Investment Analyst Interview Questions With Sample Answers
By Indeed Editorial Team
Published 17 June 2022
The Indeed Editorial Team comprises a diverse and talented team of writers, researchers and subject matter experts equipped with Indeed's data and insights to deliver useful tips to help guide your career journey.
An investment analyst is a professional who researches and interprets financial data that relates to stocks, bonds and currencies for clients to help them make investment decisions. Interviewers may ask multiple questions to assess whether the candidate is suitable for that role in their organisation. Learning about different investment analyst interview questions may help you prepare for your interview and improve your chances of success. In this article, we cover general background and experience interview questions, highlight in-depth enquiries and offer some example questions and answers.
General investment analyst interview questions
General Investment analyst interview questions may help recruiters understand an analyst's personality better and determine if they're suitable for the company's culture. These questions may also appear in interviews for other professions. Here's a list of general interview questions to help you prepare:
Why would our company hire you?
Why are you leaving your current job?
What are your short- and long-term professional goals?
What do you consider your greatest strength to be?
In what areas do you feel you can improve and how do you plan to do so?
Can you briefly introduce yourself?
What are your salary expectations?
What are your core curriculum passions and interests?
Are you available to work nights and weekends?
Who are our competitors?
Questions about your experience and background
Investment analysts often require specific knowledge, qualifications and experience to perform their tasks effectively. Here's a list of questions interviewers can ask you to learn more about your experience and background:
What do you consider your greatest achievement?
Can you guide us through your resume?
Why does your resume have gaps?
How might you approach a situation where your boss is wrong?
What do you think of your former boss?
What do you think you could have done better in your last job?
Have you ever experienced a difficult situation at work? How did you overcome it?
Do you prefer to take an individual or team approach when working on projects?
What motivates you?
Have you ever led a team to conduct research and analysis for potential investment opportunities?
In-depth interview questions
Interviewers may ask in-depth questions to assess your experience with and understanding of specific processes and tasks. For example, they may want to know if you can do mileage duties like creating analysis reports, calculating the cost of equity or differentiating and interpreting financial statements. Below are examples of in-depth questions recruiters may ask in an investment analyst interview:
Can you describe the relationship between income statements, balance sheets and cash flow statements?
Have you ever advised a client activist investing in a company we wanted to pursue?
What are the types of financial statements for a company?
What is your research and analysis process?
How long does a $10 depreciation affect the three accounting statements?
Can you explain a cash flow statement, highlighting its components?
When would a company issue debt instead of equity?
What are the key components of the weighted average cost of capital, and how do you calculate it?
Is it cheaper to give out equity or debt question marks? Why?
How might you manage an underperforming colleague?

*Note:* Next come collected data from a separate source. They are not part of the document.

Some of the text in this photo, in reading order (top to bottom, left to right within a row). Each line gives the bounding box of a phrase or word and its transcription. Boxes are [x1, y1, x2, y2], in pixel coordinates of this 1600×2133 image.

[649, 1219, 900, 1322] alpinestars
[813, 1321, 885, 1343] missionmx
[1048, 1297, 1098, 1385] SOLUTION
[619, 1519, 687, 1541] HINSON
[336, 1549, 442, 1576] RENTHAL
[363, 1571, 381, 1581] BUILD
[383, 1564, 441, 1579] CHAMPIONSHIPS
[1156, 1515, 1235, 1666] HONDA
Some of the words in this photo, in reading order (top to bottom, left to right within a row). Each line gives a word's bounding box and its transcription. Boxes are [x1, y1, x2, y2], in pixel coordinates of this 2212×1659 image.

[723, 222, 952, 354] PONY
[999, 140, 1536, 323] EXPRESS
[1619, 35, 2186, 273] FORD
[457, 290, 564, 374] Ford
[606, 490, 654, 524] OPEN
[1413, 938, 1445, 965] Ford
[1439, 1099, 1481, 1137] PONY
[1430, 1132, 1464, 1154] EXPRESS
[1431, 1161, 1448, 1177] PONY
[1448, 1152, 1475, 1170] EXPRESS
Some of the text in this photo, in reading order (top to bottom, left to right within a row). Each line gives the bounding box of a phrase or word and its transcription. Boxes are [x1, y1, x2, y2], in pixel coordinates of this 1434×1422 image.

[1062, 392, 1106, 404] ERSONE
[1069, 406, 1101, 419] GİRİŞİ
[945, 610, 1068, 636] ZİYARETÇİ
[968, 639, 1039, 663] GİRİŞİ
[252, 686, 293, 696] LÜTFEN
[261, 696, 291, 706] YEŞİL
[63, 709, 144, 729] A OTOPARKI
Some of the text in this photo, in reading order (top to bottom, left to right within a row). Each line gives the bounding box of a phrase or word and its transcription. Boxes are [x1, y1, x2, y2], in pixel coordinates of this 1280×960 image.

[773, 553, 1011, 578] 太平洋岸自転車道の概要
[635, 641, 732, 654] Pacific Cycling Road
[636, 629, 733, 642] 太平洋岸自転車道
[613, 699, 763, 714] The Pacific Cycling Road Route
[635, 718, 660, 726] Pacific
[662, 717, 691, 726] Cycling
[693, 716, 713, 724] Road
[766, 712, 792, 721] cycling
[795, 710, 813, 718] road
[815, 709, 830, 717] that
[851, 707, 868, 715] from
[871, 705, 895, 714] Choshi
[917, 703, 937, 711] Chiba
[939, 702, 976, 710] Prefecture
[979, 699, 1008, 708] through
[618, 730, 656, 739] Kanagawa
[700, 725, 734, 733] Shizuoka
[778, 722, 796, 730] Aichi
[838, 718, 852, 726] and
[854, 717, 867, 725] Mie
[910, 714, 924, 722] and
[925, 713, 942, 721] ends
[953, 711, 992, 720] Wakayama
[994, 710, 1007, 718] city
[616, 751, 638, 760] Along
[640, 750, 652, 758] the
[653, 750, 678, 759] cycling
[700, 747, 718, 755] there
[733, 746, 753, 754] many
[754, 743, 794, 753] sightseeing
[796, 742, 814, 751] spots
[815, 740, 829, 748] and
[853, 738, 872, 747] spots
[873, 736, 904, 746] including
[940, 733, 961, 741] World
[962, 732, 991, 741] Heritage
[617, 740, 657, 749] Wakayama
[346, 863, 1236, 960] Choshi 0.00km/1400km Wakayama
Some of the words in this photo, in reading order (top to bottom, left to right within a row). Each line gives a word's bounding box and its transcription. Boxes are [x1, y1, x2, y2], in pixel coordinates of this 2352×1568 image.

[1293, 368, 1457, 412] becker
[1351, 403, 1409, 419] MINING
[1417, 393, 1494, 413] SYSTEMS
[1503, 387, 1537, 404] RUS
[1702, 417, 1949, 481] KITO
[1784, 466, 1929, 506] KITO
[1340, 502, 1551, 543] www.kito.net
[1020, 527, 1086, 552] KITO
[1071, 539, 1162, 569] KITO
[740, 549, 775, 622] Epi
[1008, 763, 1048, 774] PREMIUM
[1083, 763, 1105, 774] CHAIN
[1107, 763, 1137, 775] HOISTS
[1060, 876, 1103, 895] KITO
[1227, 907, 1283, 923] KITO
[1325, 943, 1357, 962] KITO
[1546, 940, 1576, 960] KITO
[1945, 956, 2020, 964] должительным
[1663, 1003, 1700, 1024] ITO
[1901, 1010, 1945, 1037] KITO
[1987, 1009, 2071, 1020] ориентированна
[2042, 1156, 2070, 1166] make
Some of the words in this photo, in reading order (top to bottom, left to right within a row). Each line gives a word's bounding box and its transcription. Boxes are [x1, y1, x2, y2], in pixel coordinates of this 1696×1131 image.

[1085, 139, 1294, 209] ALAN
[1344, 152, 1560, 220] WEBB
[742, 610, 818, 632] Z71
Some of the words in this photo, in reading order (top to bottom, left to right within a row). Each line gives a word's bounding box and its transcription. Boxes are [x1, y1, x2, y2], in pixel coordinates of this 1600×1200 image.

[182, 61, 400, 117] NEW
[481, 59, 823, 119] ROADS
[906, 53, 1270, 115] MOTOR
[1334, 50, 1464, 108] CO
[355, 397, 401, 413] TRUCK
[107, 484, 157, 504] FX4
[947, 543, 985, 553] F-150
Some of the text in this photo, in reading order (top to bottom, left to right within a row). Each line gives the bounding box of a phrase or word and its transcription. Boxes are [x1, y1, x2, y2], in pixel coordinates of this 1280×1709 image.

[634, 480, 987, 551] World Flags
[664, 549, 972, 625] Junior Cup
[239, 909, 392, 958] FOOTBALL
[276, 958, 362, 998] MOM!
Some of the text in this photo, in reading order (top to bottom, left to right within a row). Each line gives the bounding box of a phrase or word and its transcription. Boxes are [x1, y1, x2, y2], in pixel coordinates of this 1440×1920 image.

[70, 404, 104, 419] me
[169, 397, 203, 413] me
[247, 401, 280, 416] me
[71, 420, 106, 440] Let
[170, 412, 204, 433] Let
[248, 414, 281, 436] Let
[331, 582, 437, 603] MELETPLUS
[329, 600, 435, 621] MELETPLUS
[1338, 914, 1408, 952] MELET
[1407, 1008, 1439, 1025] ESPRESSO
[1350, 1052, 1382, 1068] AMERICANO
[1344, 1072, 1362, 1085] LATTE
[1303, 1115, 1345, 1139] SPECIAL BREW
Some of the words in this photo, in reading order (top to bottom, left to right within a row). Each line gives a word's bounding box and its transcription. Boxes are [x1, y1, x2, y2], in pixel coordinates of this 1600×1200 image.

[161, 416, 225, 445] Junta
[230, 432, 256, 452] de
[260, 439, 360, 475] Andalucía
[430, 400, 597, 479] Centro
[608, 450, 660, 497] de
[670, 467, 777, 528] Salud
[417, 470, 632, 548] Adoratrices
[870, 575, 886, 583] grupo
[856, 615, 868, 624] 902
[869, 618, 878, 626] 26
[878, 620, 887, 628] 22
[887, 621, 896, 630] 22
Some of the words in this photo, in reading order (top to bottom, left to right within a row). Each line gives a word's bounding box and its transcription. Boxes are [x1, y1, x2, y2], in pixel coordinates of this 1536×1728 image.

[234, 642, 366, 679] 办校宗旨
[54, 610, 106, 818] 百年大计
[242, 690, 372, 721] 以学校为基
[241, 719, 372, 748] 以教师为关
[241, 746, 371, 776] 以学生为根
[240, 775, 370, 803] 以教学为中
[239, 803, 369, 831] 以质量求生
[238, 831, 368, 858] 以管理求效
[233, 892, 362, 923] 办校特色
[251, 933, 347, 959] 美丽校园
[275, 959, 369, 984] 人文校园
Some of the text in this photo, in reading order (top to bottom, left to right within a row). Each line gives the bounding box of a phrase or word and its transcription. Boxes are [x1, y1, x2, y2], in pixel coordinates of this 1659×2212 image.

6 investment analyst interview questions with sample answers
Here are six example questions with answers to help you prepare for your investment analyst interview:
1. What makes a good financial model?
Employers may ask this question to test whether you understand the qualities of a good financial model. As an investment manager, you may use financial models to assess the performance of an asset against its expectations. You can mention three to five traits of a good financial model in your answer.
Example: 'It may take a lot of practice to excel in building effective financial models. A good financial model is simple to implement and identifies the key performance indicators of a business. It gives accurate and precise information and handles dynamic situations with ease. It may also facilitate sensitivity analysis and error checking.'
2. If a company issues debt to buy back shares, what happens to the earnings per share?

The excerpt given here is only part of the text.